To return to the case of big banks, their interests are fundamentally opposed to those of ordinary Americans, who bear the risks for their speculations under the existing economic arrangements. Treasury officials have talked themselves out of that recognition as a condition of their job. Waldman writes:
Perhaps Treasury officials really can’t see how limiting “size” might help. But I don’t think that’s right. These are very, very smart people. I think they understand the merits of the structural approach to financial regulation, but view the transition costs as simply too large to bear. But that begs the question of costs to whom, and whether (per the HAMP conversation above) it is wise to conflate the health of status quo financial institutions with the welfare of the economy as a whole.How can that conflation be prevented? How can transition "costs" be reconceived as social progress?

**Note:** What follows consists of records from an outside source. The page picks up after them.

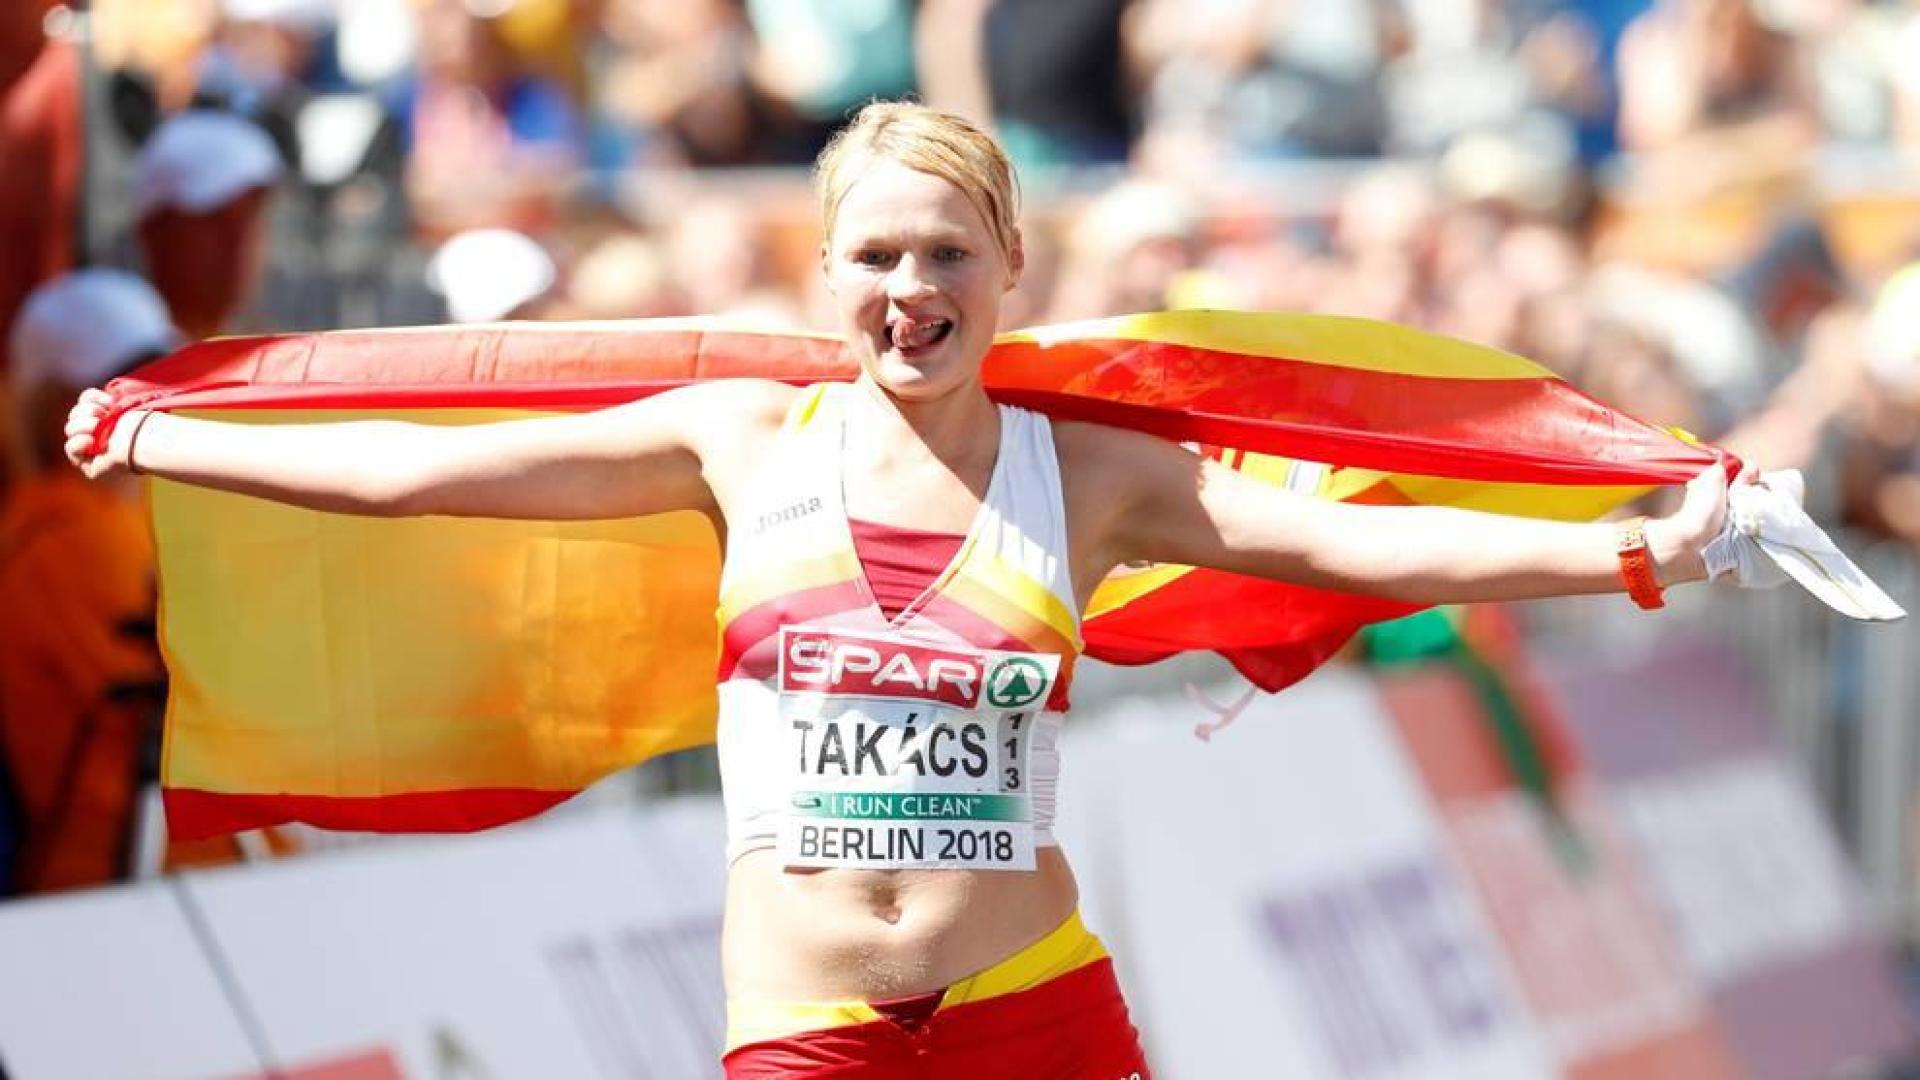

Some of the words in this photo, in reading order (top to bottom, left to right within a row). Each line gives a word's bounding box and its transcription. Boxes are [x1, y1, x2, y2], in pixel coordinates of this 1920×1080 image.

[790, 636, 977, 700] SPAR
[793, 712, 988, 778] TAKÁCS
[843, 797, 892, 816] RUN
[799, 825, 924, 860] BERLIN
[937, 829, 1013, 862] 2018

3. "I view the current macro-sluggishness as a function of insufficient demand, yet stand with the hypothetical public in being hesitant to support 'stimulus' and 'jobs' programs that strike me as haphazardly targeted and sometimes wasteful or corrupt." This highlights the conflict between the goals of the bureaucracy, the goals of the individuals who populate it and the personal goals we have as citizens in a democracy. What specifically should be "demanded" in order to increase demand? What are the appropriate channels for stimulating it, and should it even be stimulated if it can only be done in a way we would regard as socially corrupt? We want to put our collective productive capacity to use, but we have evolved a system that has undermined our capability to believe in the signals indicating what we might need as a society. Profit has come unmoored from social necessity, or the ideological overlay that associates the two has unraveled. People can find "productive" ways to spend their time but the economy is not set up to reward their efforts, and stakeholders seem to have exposed as looting the system rather than facilitating the appropriate investment of our productive capacities. That is to say the government and the banks, from the view of "ordinary people", seem to have their interests aligned in protecting their ability to loot the system. And there is no clear alternative politics for shifting those interests, or bringing in new people with different interests -- people who might make a difference rather than assume the mantle of the bureaucracy as it already exists.